Vanguard News Network
VNN Media
VNN Digital Library
VNN Reader Mail
VNN Broadcasts

Old September 11th, 2011 #1
Alex Linder
Administrator
 
Join Date: Nov 2003
Posts: 45,756
Blog Entries: 34
Default Architecture - Frozen Music or Ideological Statement

[hat tip Kalb's blog http://turnabout.ath.cx:8000/node?page=8 ]

This email from an internet list helps explain why NYU might be getting the design it's getting (in the post above), despite the public process it's gone through. The email was in response to a post on the list with this question: "All other people have to produce what the customers want. That's called "the market". Why are architects relieved from it? Or aren't they? Do they have to obey some other strange market we don't even know of?"

My friend said,

My attempt at an answer is this, after working for 11 years to promote traditional architecture and urbanism, and coming from a very different profession, law:

Many modernist architects believe they are the representatives of the March of History, that modernism is a successful revolution of the 20th century, and that it is their obligation to defend this revolution, especially against any counter-revolutionary, reactionary attempts to reintroduce the defeated, deplorable architectural styles and urban design principles from before the functionalist / modernist inventions of the 1920s and 30s.
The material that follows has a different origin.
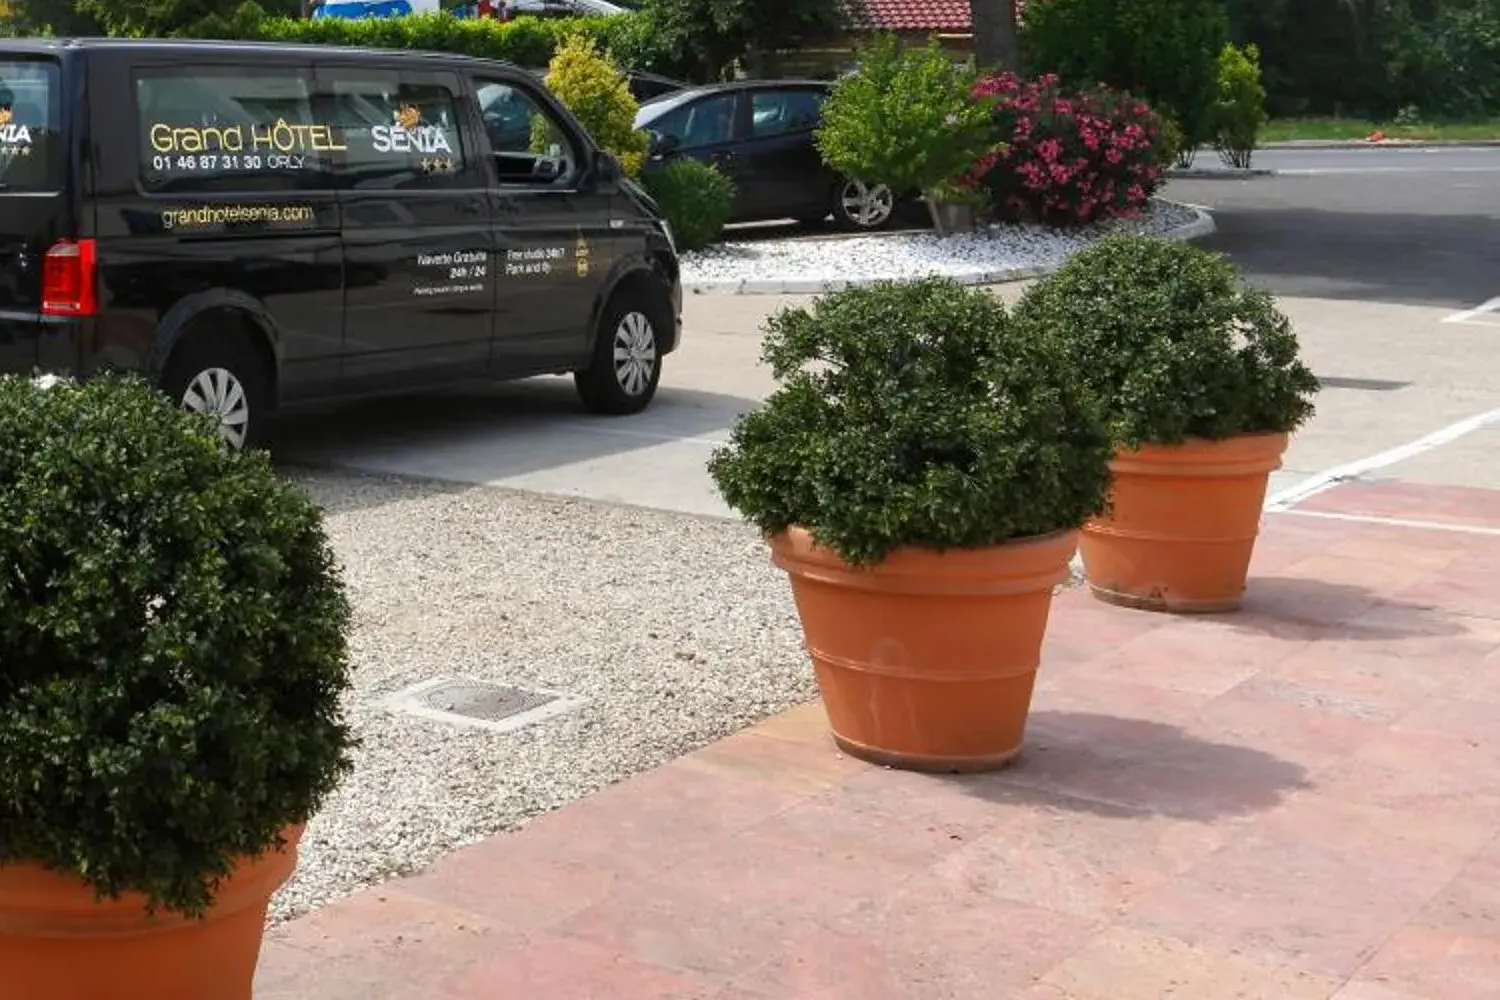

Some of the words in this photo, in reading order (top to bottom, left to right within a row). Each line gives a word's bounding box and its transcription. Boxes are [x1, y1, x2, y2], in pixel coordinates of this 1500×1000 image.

Architects can be experts at psychologically manipulating clients and the public to feel ashamed of their secret, personal preferences for traditional architecture. In an interview, the Norwegian architect and Pritzger Prize winner, Sverre Fehn said: "You have to smash the dreams of your client". The architectural establishment will laugh at any suggestions for a traditional design, or if that does not help, attack aggressively or even use the legal system to ban traditional architecture (large new urban developments in Oslo have regulation plans requiring modernist architecture).

These control mechanisms are supported by an internal organisation of the architectural establishment that has been compared by Nikos Salingaros to pseudo-religious cult movements. The techniques used include the initiation of young devotees in architecture schools, via ideological teaching programs (some would call them brainwashing), and the shaming and expulsion of traitors who question the hegemony of modernism (as many traditional architects have experienced - they are often victims of Berufsverbot).

The message from opinion polls, referendums and the housing market across Europe is that 70 - 90 % of the population prefer traditional architecture, if they are given a choice. In Norway, where modernism is totally dominant for larger commercial, cultural or residential buildings, at least 80 % of new single family homes, summer houses and cottages are traditional.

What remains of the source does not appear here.